• _ACTIVITY_: Word for word, restate the records that appear below.

◇ ◇ ◇ ◇ ◇ ◇ ◇

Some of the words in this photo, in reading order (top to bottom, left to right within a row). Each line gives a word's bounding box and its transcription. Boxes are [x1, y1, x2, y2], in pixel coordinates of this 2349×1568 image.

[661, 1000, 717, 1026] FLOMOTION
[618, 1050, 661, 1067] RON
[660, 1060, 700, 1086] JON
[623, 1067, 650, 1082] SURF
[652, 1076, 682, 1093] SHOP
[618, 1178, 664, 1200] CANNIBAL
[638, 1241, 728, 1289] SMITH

◇ ◇ ◇ ◇ ◇ ◇ ◇

• _ANSWER SPACE_:
Some of the words in this photo, in reading order (top to bottom, left to right within a row). Each line gives a word's bounding box and its transcription. Boxes are [x1, y1, x2, y2], in pixel coordinates of this 2349×1568 image.

[661, 1000, 717, 1026] FLOMOTION
[618, 1050, 661, 1067] RON
[660, 1060, 700, 1086] JON
[623, 1067, 650, 1082] SURF
[652, 1076, 682, 1093] SHOP
[618, 1178, 664, 1200] CANNIBAL
[638, 1241, 728, 1289] SMITH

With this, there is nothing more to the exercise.